When we wake up in the morning, we have a tendency to skip breakfast and just have a cup of coffee. There are times we get a pastry and something to drink at Starbucks. We also just don’t eat or drink anything in the morning and go to school, work, or run errands, etc. Our body needs food for energy and we all know that; we just don’t have time or we ignore that fact. Eating something whether it’s waffles, a bowl of cereal, fruit, pancakes, eggs, toast, in the morning will help give your body the right kind of energy to help you get through your day. Recharge yourself with lunch and eat a good dinner. Skipping meals will can lead to burnout since your body has nothing to give it fuel.

2. Get a Good Night Sleep

Besides eating, sleep is also important to avoid burnout. Your body needs to recharge and repair itself. Sleep is good for building muscles, hormone growth, protein synthesis, and to process information you have learned. Sleep can also help your brain to have the energy it needs to stave off stress and better handle anxiety. Lack of sleep can lead to unwanted emotional outbursts, mood swings, feeling weak and fatigue to do anything. I’m sure you know or have experienced that a lack of sleep can lead to falling asleep at the steering wheel and dozing off in class.
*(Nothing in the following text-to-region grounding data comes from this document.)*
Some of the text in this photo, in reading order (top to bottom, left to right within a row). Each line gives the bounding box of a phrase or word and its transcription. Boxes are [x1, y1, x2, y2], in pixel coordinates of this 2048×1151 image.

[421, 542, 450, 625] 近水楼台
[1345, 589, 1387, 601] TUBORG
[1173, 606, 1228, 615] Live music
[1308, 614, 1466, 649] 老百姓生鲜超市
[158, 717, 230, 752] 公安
3. Listen to Your Body, it Knows Best

As I mentioned, our minds may tell us to keep going, but our body has the last word. Our mind can help make us or break us. Our body will tell our mind that it’s had enough and needs to rest. Our mind needs to respond and act responsible toward that. We can’t ignore what our body is telling us. If we push our bodies too far, too much, we can possibly end up doing permanent damage to ourselves which will stick with us for life. I know you don’t want this to happen to you, so listen to your body, it knows best.

4. Recognize the Signals

If your doing something and you start to feel tired all of a sudden, then maybe you need to stop and rest. If your studying for something and you find yourself having trouble concentrating and focusing, take a break. If your out of breath from exercising or doing something extraneous, then you should stop what you doing and rest. Drink something, get something to eat. These are the signals that our body tells us that it’s heading toward a burnout and it doesn’t want that to happen. There are other signals that you know and have experienced that I didn’t mention here. Only you know what they are; best listen to them.

5. Manage Stress

One of the things we forget to do when we are so caught up in things is to manage our stress. Stress can be good, but it can be bad. Stress can take over because our minds are focused and putting energy toward completing whatever task were working on. With our minds preoccupied, stress can sneak in and cause us to not pay attention to the signals our body is telling us. If you are feeling stressed, first make yourself aware of it. As time goes on, try to pace yourself. You know stress is present and you know it can drain you. Try giving yourself a longer break or give yourself an extra break. Maybe you need a quick power nap. Get something to eat and drink. Whatever it is, take care of yourself. Don’t let stress take the steering wheel.

Final Thoughts and Sum Up

Burnout can hinder us from experiencing the joy we get in life. If we’re burned out, everything we do can get sloppy. We may say the wrong thing to someone because we’re tired which has made us moody. You have to listen to your body. It knows you better than anyone in your life. Exercise is good for you, just don’t overdo it. Don’t fall victim to burnout. Take care of yourself; you can’t help anyone if you’re out of energy.